Petry-Auftritt:AfD will sich in Hofbräukeller einklagen

Die AfD will gegen die Absage einer Parteiveranstaltung im Hofbräukeller klagen und droht mit einer Schadensersatzforderung in fünfstelliger Höhe. Sie pocht auf ihren Vertrag mit dem Wirt Ricky Steinberg - er müsse bis Montagmittag erklären, dass die AfD-Vorsitzende Frauke Petry wie geplant am Freitag, 13. Mai, in dem Gasthaus auftreten darf. Steinberg zeigte sich von der Drohung der Alternative für Deutschland unbeeindruckt. "Ich werde die Klage abwarten", sagte er am Sonntag. Die AfD werde er nicht in den Hofbräukeller lassen, "der Entschluss steht definitiv fest". Als Begründung dafür führt Steinberg vor allem Sicherheitsbedenken an. Nach den zunehmend radikalen Äußerungen der AfD zuletzt fürchtet er Tumulte vor der Tür. Er pocht auf einen Passus in seinen Geschäftsbedingungen, der ihm erlaubt, eine Veranstaltung aus Sicherheitsgründen abzusagen. Die AfD verweise zwar darauf, dass noch keine Demonstrationen angemeldet sind, "aber das ist kein Argument", findet Steinberg. Er wolle sich nicht darauf verlassen, dass die Polizei im Notfall für Recht und Ordnung sorge, sollte es zu Krawall kommen.

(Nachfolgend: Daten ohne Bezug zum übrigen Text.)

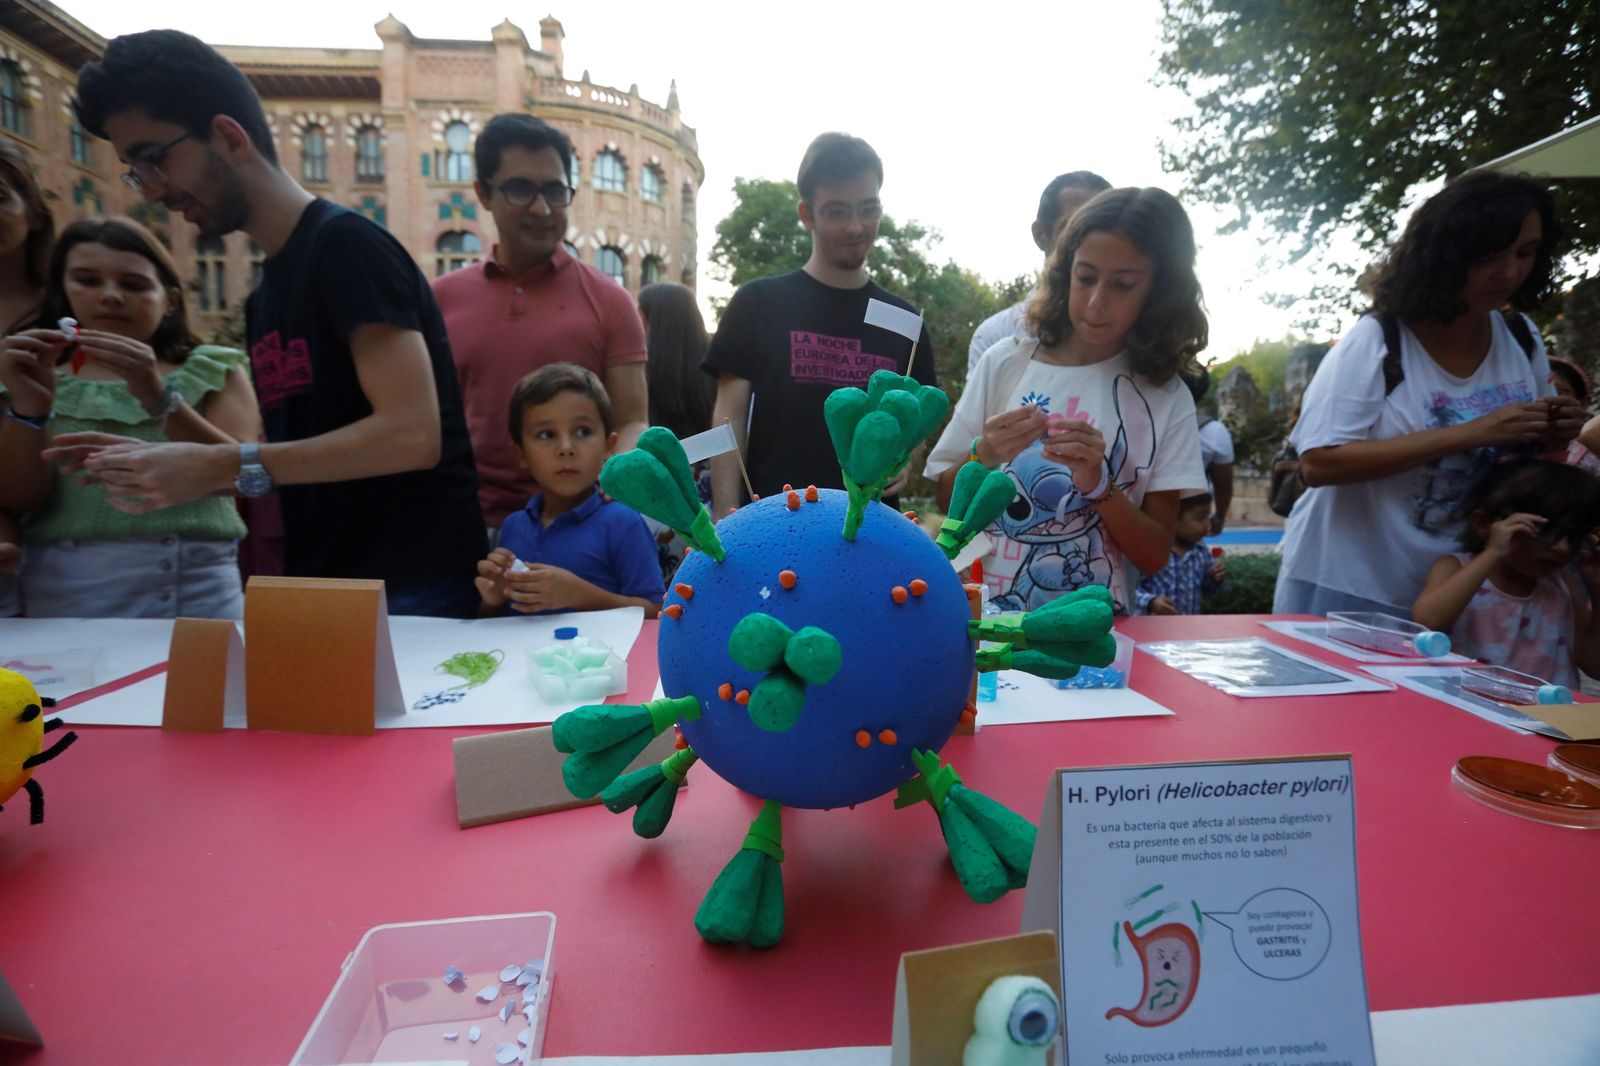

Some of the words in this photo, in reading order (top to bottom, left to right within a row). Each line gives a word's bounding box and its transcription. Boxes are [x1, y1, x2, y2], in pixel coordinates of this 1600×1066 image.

[794, 333, 811, 344] LA
[816, 336, 858, 352] NOCHE
[795, 348, 850, 365] EUROPEA
[855, 355, 871, 366] DE
[1068, 786, 1089, 804] H.
[1095, 784, 1150, 806] Pylori
[1157, 779, 1288, 804] (Helicobacter
[1289, 775, 1350, 798] pylori)
[1086, 823, 1099, 834] Es
[1101, 823, 1121, 833] una
[1124, 820, 1167, 832] bacteria
[1169, 820, 1190, 831] que
[1192, 817, 1224, 829] afecta
[1226, 816, 1236, 827] al
[1238, 815, 1277, 827] sistema
[1279, 813, 1324, 827] digestivo
[1325, 814, 1333, 824] y
[1108, 839, 1131, 850] esta
[1133, 837, 1180, 850] presente
[1182, 836, 1196, 846] en
[1198, 834, 1208, 846] el
[1210, 833, 1233, 845] 50%
[1235, 832, 1248, 843] de
[1251, 832, 1260, 843] la
[1262, 830, 1312, 844] población
[1135, 853, 1179, 866] (aunque
[1181, 849, 1223, 861] muchos
[1225, 850, 1239, 860] no
[1241, 848, 1252, 859] lo
[1254, 846, 1288, 859] saben)
[1256, 935, 1300, 946] GASTRITIS
[1263, 948, 1302, 959] ULCERAS
[1104, 1053, 1129, 1065] Solo
[1131, 1051, 1175, 1065] provoca
[1177, 1045, 1243, 1060] enfermedad
[1245, 1046, 1260, 1057] en
[1262, 1045, 1277, 1056] un
[1279, 1041, 1328, 1056] pequeño
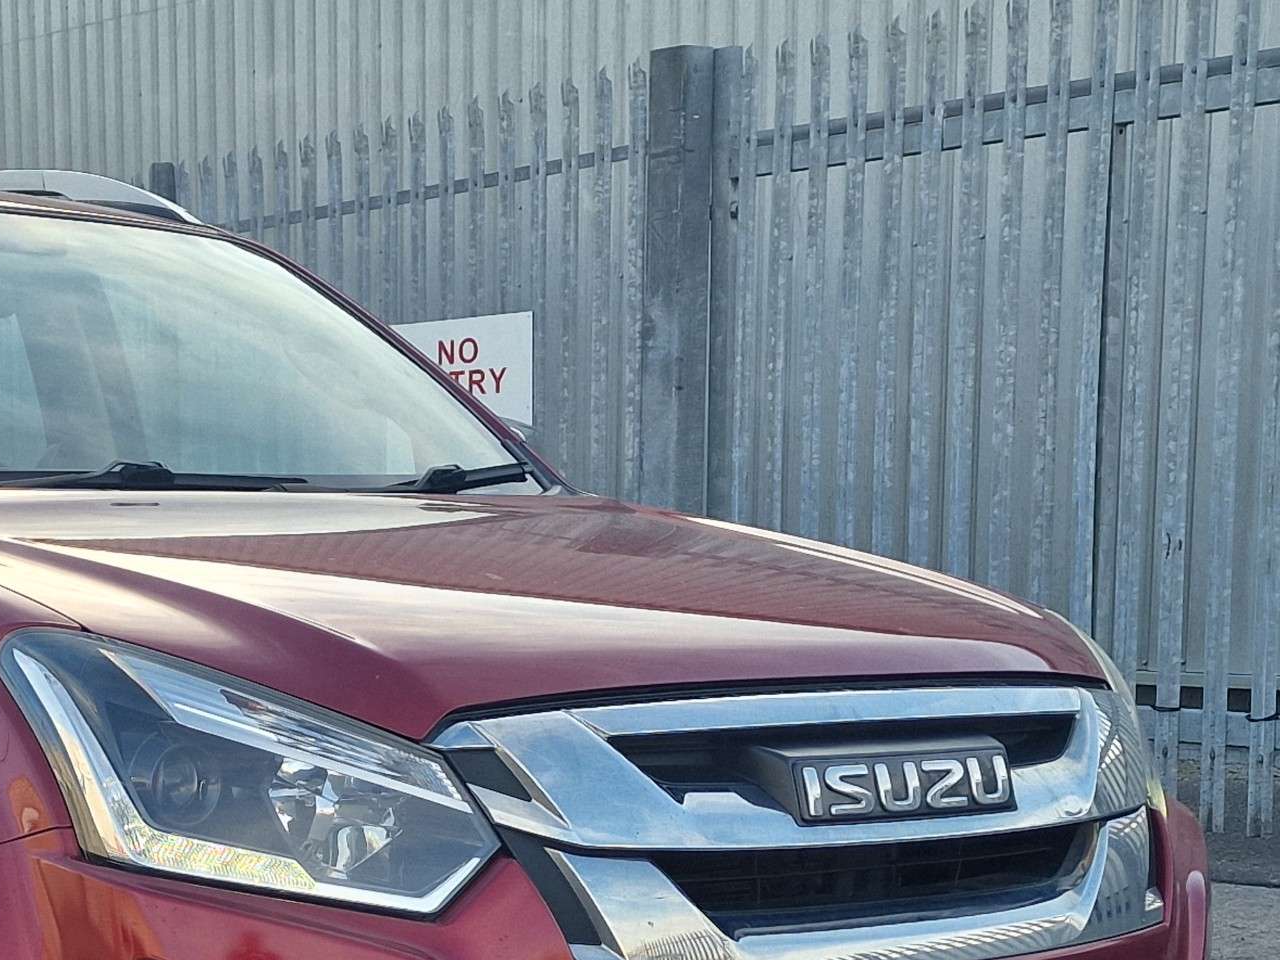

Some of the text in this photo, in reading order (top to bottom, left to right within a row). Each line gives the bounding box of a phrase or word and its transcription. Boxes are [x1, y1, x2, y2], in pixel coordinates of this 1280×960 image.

[437, 337, 479, 366] NO
[449, 367, 507, 395] TRY
[801, 755, 1011, 817] ISUZU

Die Anfrage für den Saal war laut Steinberg vor dem jüngsten Parteitag erfolgt, auf dem sich die AfD ein Anti-Islam-Programm gegeben hat. Danach entschloss sich der Wirt nach eigenem Bekunden, dass er einen Auftritt Petrys im Hofbräukeller nicht haben möchte. Auch von seinen Mitarbeitern habe es kritische Nachfragen gegeben. Die Vorauszahlung für die Saalmiete hat er nach eigenen Angaben bereits an die AfD zurückgezahlt.